Assuming now a stable status quo, what incrementally should be done to create a just peace? This is the question of Chapter 11, which essentially answers it through:

  • The Positive Peace Principle: minimize the power of government.

For contemporary national societies this involves reducing the powers of their governments; for the global society it means increasing the power of the United Nations. Specifically, this principle entails five "vectors of action" to create, incrementally, a just peace within national societies:

  • enhance and guarantee the freedom of choice and mobility of citizens and groups;

  • decentralize power;

  • increase the horizontal distribution of government power;

  • increase political participation of communities and people;

  • decrease government's social and economic control and intervention.

For the international system there are also five "vectors of action" toward a global just peace:

  • facilitate the right to emigrate;

  • encourage and aid efforts at national self-determination and independence;

  • gradually increase the representation of people, in addition to states, within the United Nations;

  • incrementally strengthen UN peacekeeping and peacemaking machinery;

  • slowly transfer a monopoly of force to the UN.


THE OVERALL CONCLUSION

Finally, the two chapters of Part V conclude this volume. With regard to creating a just peace, Chapter 12 reduces these rive volumes to the following superordinate principle, and three corollaries.

  • The Grand Master Principle: promote freedom.

    • Corollary 1: freedom maximizes the happiness and dignity of the greatest number.

    • Corollary 2: freedom maximizes social justice.

    • Corollary 3: freedom maximizes peace from violence.

Chapter 13 refers this conclusion to the original questions that focused Understanding Conflict and War, and concludes that:

  • some sort of violence in or between societies is inevitable, but extreme violence and war are not; and

  • to eliminate war, to restrain violence, to nurture universal peace and justice, is to foster freedom.


NOTES

* Scanned from Chapter 1. Typographical errors have been corrected, clarifications added, and style updated.

1. See Vol. 4: War, Power, Peace (Chapter 19 and Chapter 20) for the overall propositions and principles. All references to "Volume" here and in subsequent chapters are to the volumes of Rummel (Understanding Conflict and War).

2. Regarding the inevitability of violence, see Vol. 3: Conflict In Perspective (Chapter 9).

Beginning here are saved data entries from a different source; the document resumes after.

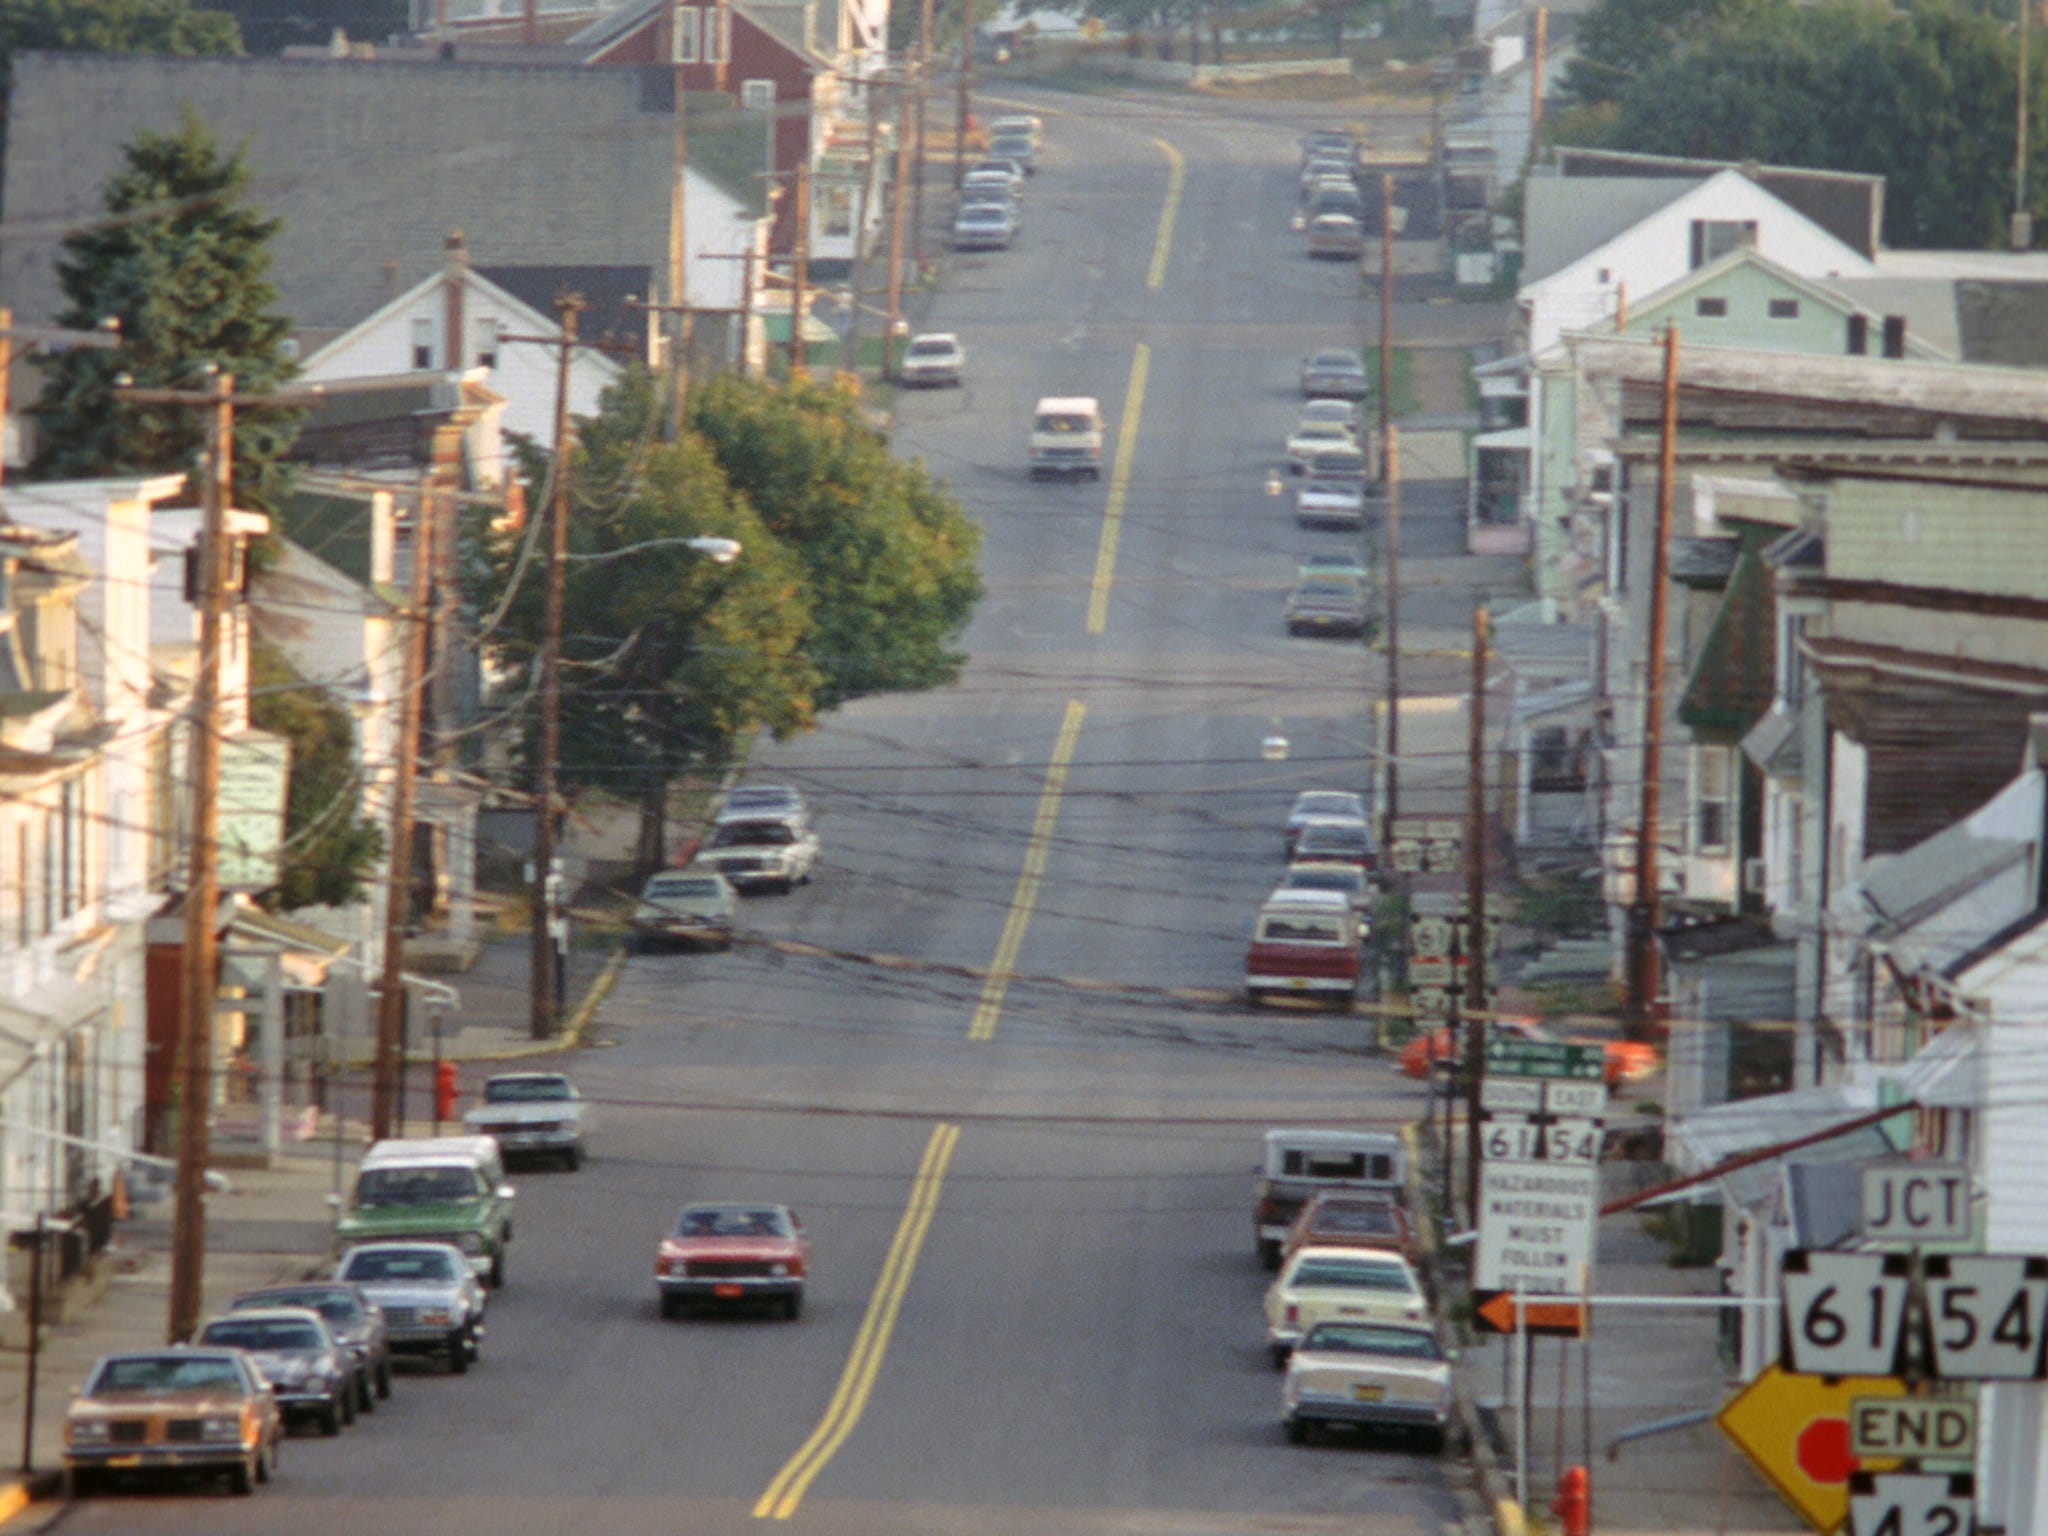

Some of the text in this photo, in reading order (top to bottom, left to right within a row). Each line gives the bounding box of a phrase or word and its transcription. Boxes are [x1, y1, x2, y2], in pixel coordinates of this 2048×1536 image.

[1555, 1088, 1599, 1106] EAST
[1489, 1127, 1528, 1158] 61
[1551, 1130, 1596, 1161] 54
[1487, 1173, 1590, 1196] HAZARDOUS
[1490, 1200, 1586, 1221] MATERIALS
[1868, 1178, 1962, 1229] JCT
[1508, 1224, 1564, 1244] MUST
[1500, 1248, 1567, 1268] FOLLOW
[1804, 1285, 1885, 1349] 61
[1941, 1286, 2032, 1353] 54
[1858, 1408, 1968, 1449] END

Exchange societies with libertarian governments preclude intense violence (Vol. 2: The Conflict Helix, Section 32.5 of Chapter 32). At the international level, libertarian states have not, and for theoretical reasons would not, make war on each other (Vol. 4: War, Power, Peace, Proposition 16.11). An international exchange society of libertarian states would therefore avoid intense violence and war. See Section 7.4.2.

3. At this point, the reader may wish to read the very brief conclusion, Chapter 13.

4. See Sections 2.2, 5.3, 6.2, and 7.4.2.

5. For this philosophy of reality, see Vol. 1: The Dynamic Psychological Field (Part II).